____ Dataset

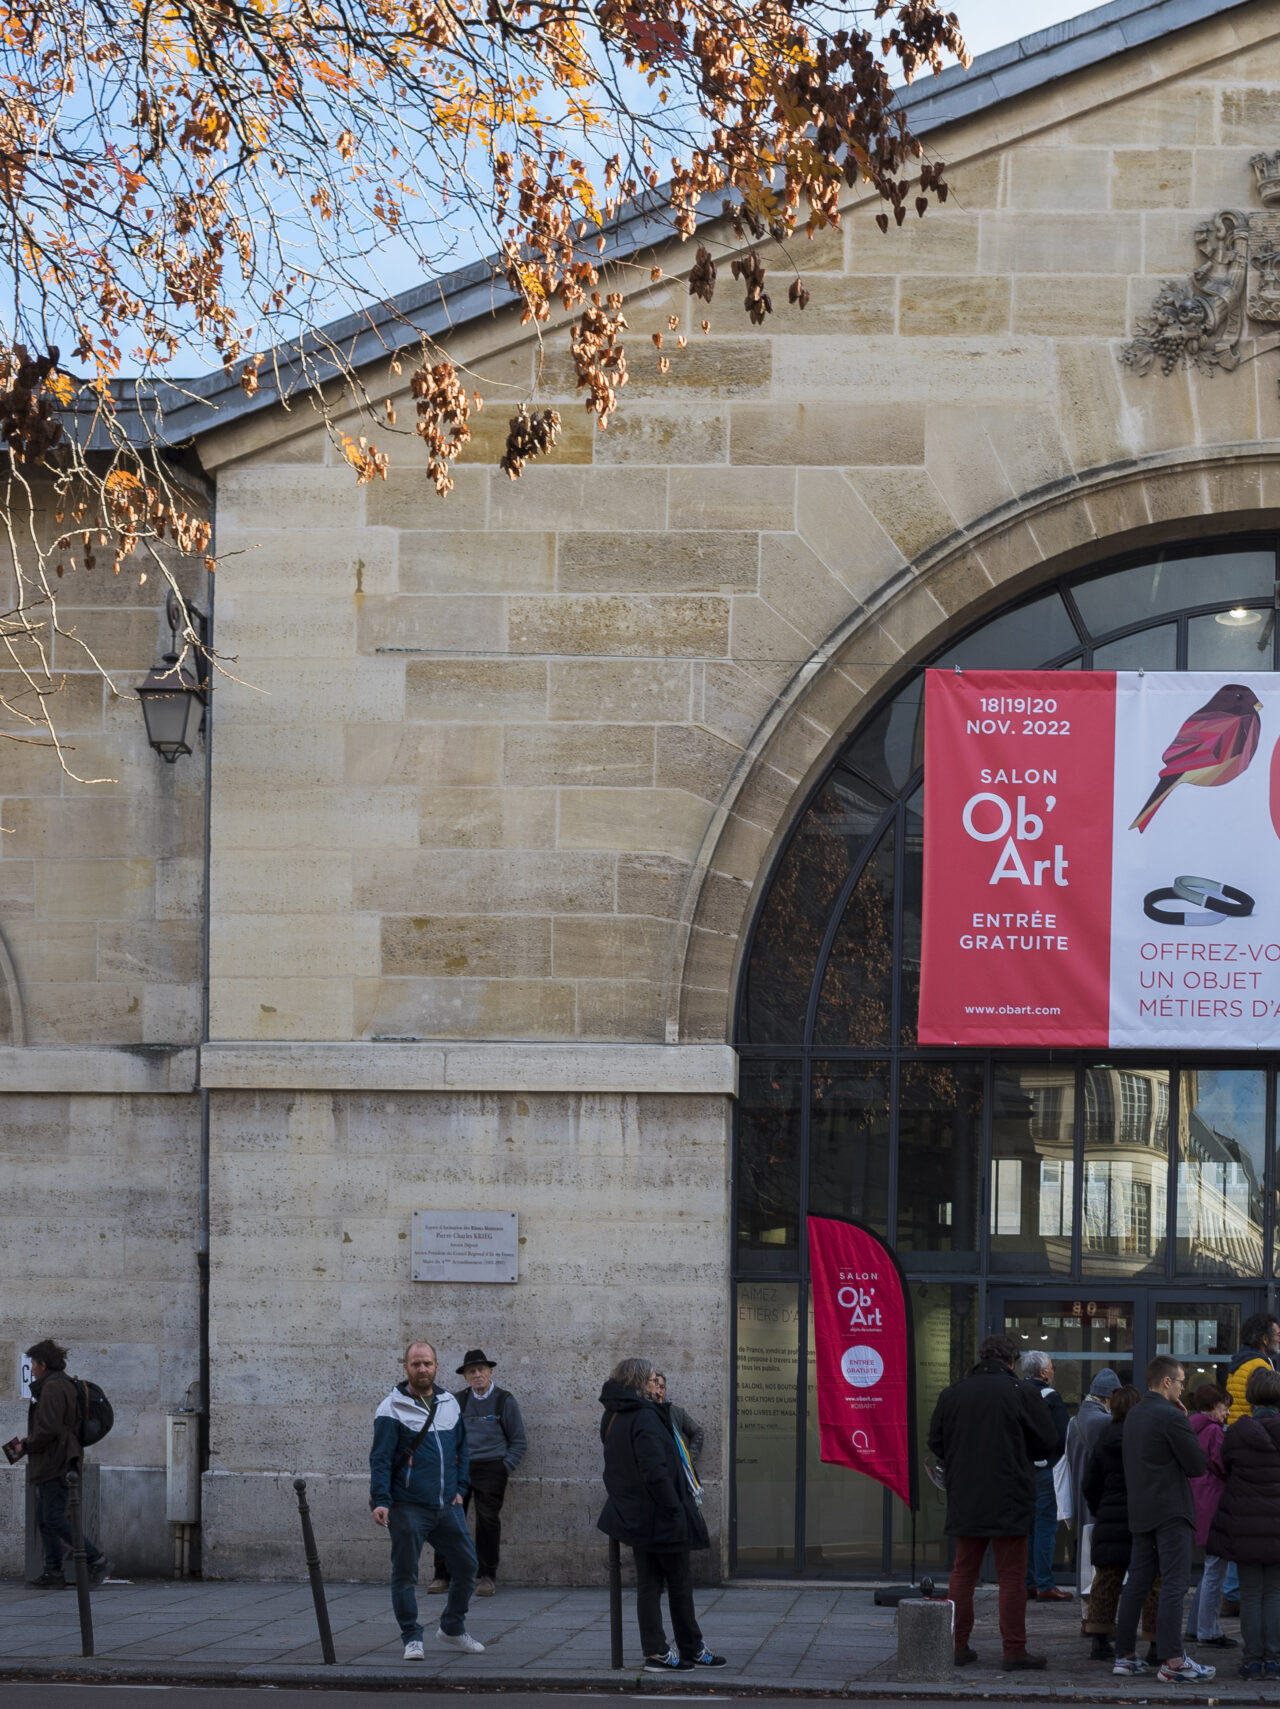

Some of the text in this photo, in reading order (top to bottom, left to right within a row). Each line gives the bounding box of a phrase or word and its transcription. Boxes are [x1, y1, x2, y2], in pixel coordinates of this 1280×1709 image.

[966, 719, 1070, 736] NOV. 2022
[980, 768, 1057, 784] SALON
[988, 836, 1069, 887] Art
[973, 910, 1057, 928] ENTRÉE
[960, 935, 1068, 951] GRATUITE
[1140, 971, 1263, 990] UN OBJET
[965, 1004, 1060, 1016] www.obart.com
[1139, 994, 1243, 1017] MÉTIERS
[839, 1272, 878, 1281] SALON
[741, 1287, 777, 1302] AIMEZ
[850, 1304, 882, 1326] Art

________

§ Exercise
Restate the entries above word for word, and keep the pictures out.

§ Solution for this exercise
Some of the text in this photo, in reading order (top to bottom, left to right within a row). Each line gives the bounding box of a phrase or word and its transcription. Boxes are [x1, y1, x2, y2], in pixel coordinates of this 1280×1709 image.

[966, 719, 1070, 736] NOV. 2022
[980, 768, 1057, 784] SALON
[988, 836, 1069, 887] Art
[973, 910, 1057, 928] ENTRÉE
[960, 935, 1068, 951] GRATUITE
[1140, 971, 1263, 990] UN OBJET
[965, 1004, 1060, 1016] www.obart.com
[1139, 994, 1243, 1017] MÉTIERS
[839, 1272, 878, 1281] SALON
[741, 1287, 777, 1302] AIMEZ
[850, 1304, 882, 1326] Art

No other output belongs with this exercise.